(PROVIDED RECORDS)
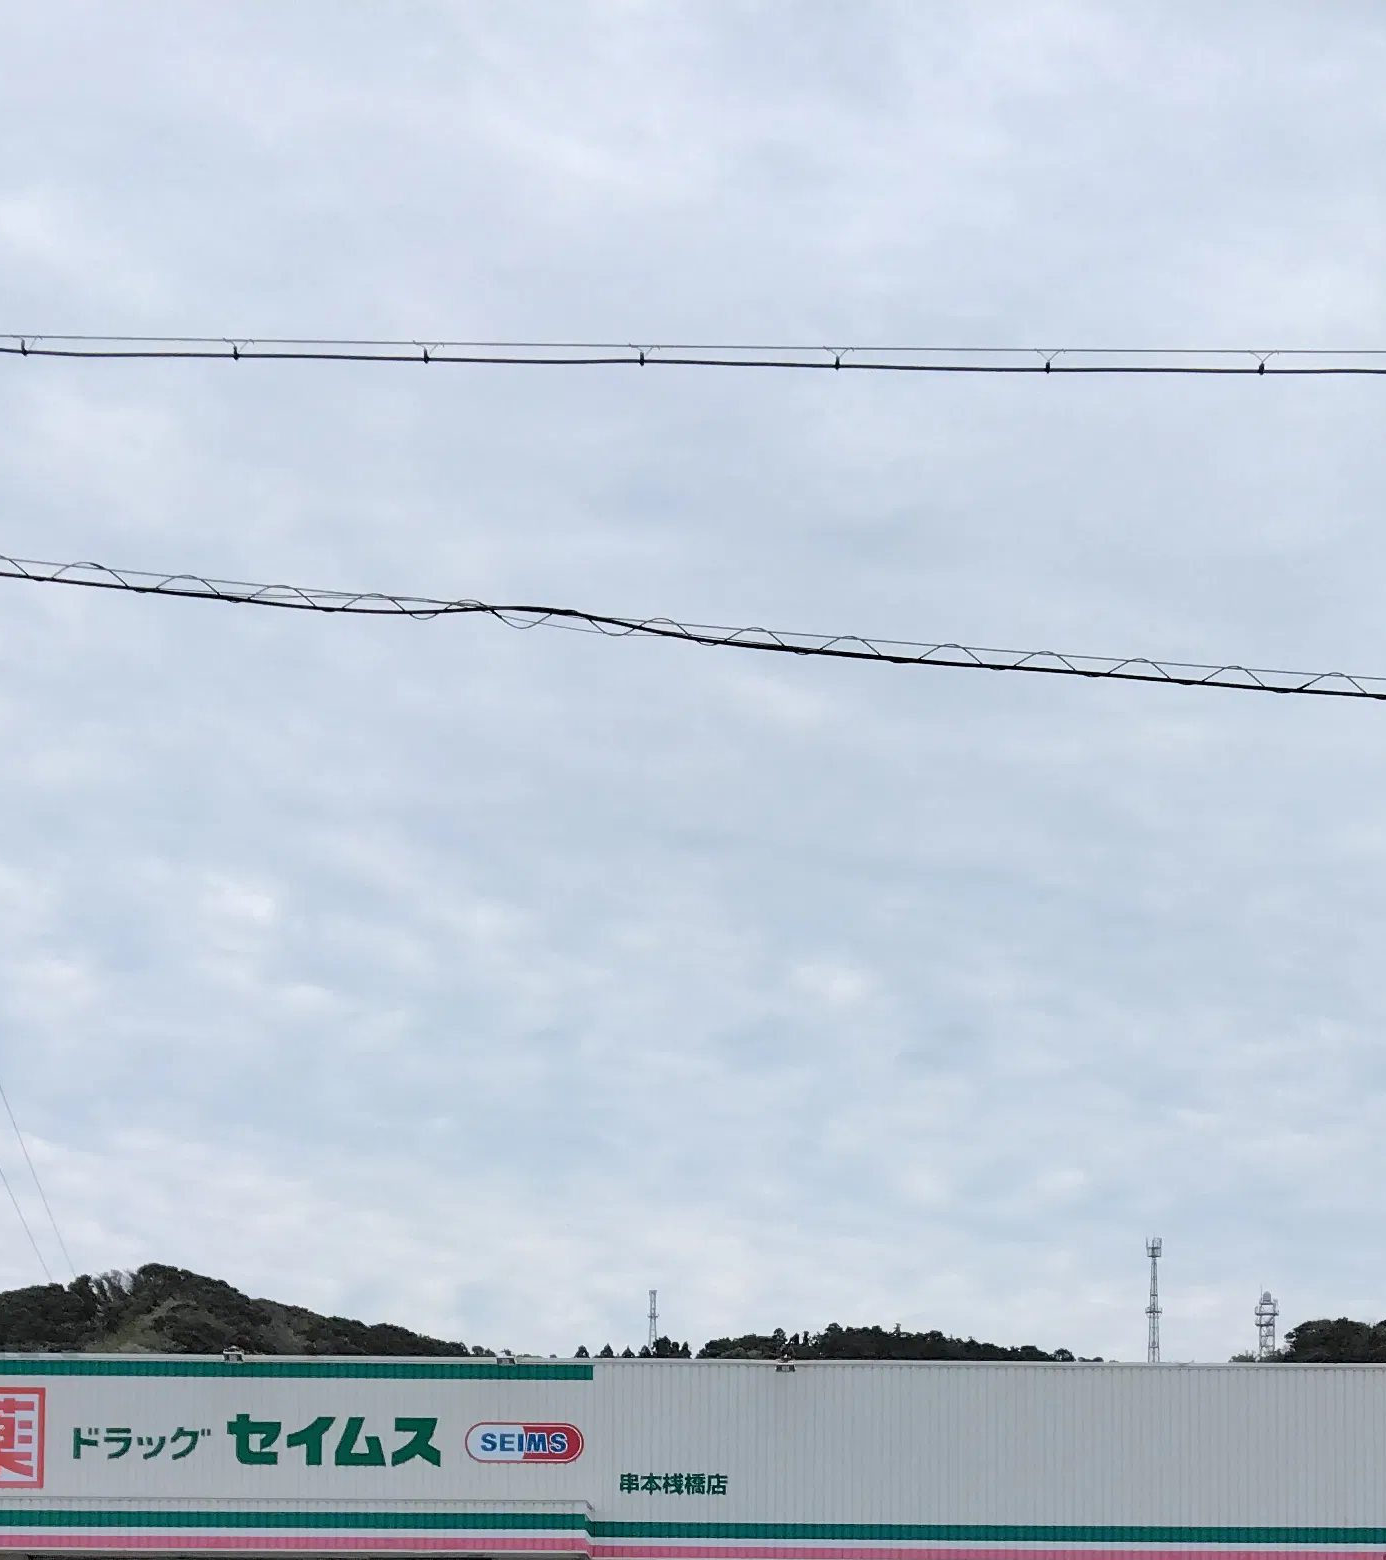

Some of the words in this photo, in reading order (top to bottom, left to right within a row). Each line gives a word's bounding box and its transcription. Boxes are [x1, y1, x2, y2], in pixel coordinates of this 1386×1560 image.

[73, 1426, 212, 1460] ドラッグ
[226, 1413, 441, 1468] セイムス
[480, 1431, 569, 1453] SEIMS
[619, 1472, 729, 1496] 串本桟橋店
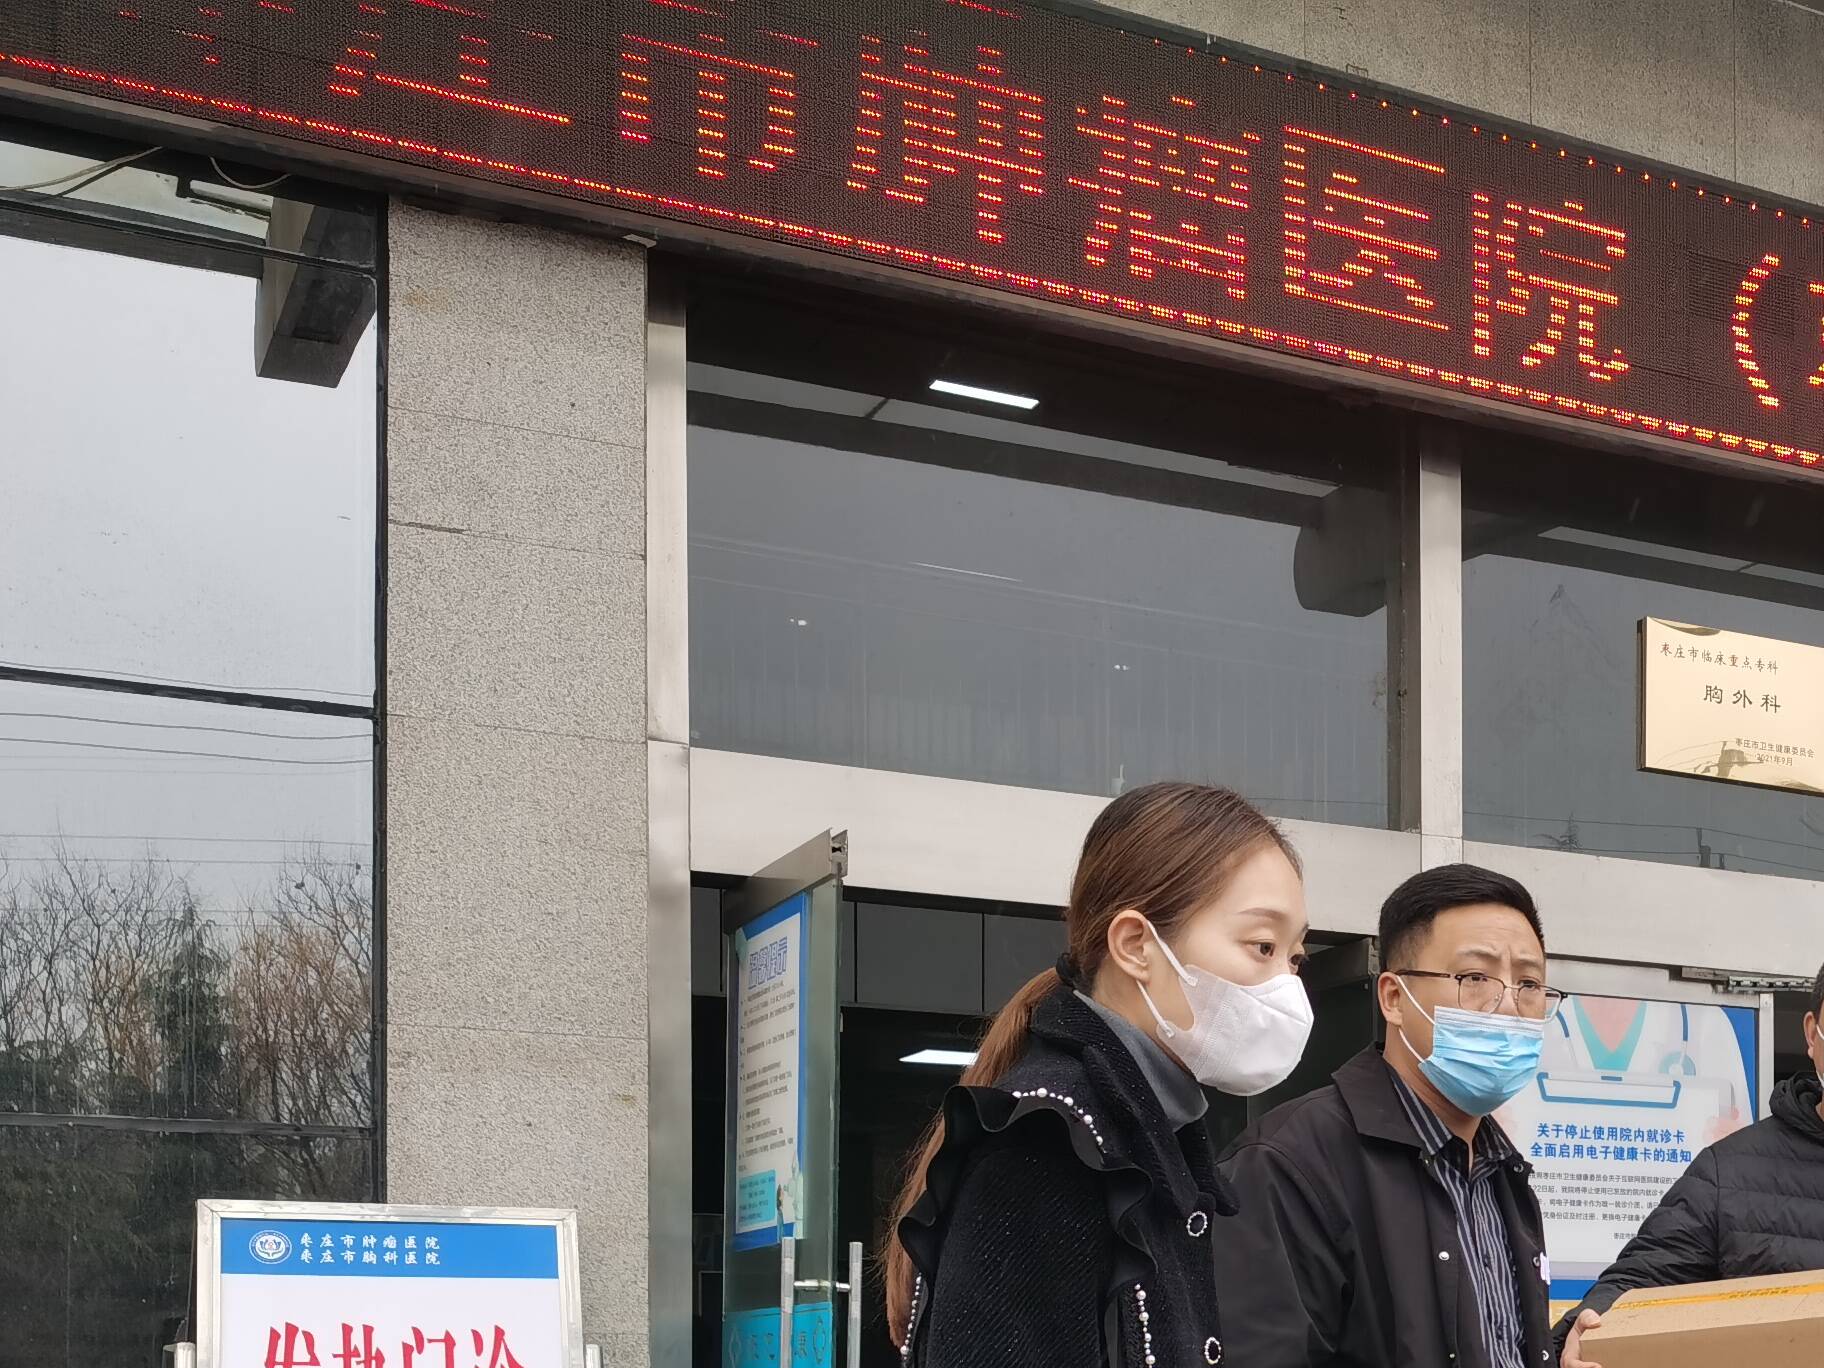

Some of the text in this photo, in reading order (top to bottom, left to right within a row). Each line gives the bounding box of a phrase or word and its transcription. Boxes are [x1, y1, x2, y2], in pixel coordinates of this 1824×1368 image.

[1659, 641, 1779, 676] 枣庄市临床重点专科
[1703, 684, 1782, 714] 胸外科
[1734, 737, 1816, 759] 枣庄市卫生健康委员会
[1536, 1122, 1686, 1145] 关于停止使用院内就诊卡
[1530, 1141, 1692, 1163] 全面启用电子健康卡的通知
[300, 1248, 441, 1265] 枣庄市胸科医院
(End PROVIDED RECORDS)
# [PROBLEM REQUIREMENTS]
Reproduce the records above word for word, without the images.

# [WRITTEN RESPONSE]
Some of the words in this photo, in reading order (top to bottom, left to right within a row). Each line gives a word's bounding box and its transcription. Boxes are [x1, y1, x2, y2], in pixel coordinates of this 1386×1560 image.

[73, 1426, 212, 1460] ドラッグ
[226, 1413, 441, 1468] セイムス
[480, 1431, 569, 1453] SEIMS
[619, 1472, 729, 1496] 串本桟橋店

Some of the text in this photo, in reading order (top to bottom, left to right within a row). Each line gives the bounding box of a phrase or word and its transcription. Boxes are [x1, y1, x2, y2], in pixel coordinates of this 1824×1368 image.

[1659, 641, 1779, 676] 枣庄市临床重点专科
[1703, 684, 1782, 714] 胸外科
[1734, 737, 1816, 759] 枣庄市卫生健康委员会
[1536, 1122, 1686, 1145] 关于停止使用院内就诊卡
[1530, 1141, 1692, 1163] 全面启用电子健康卡的通知
[300, 1248, 441, 1265] 枣庄市胸科医院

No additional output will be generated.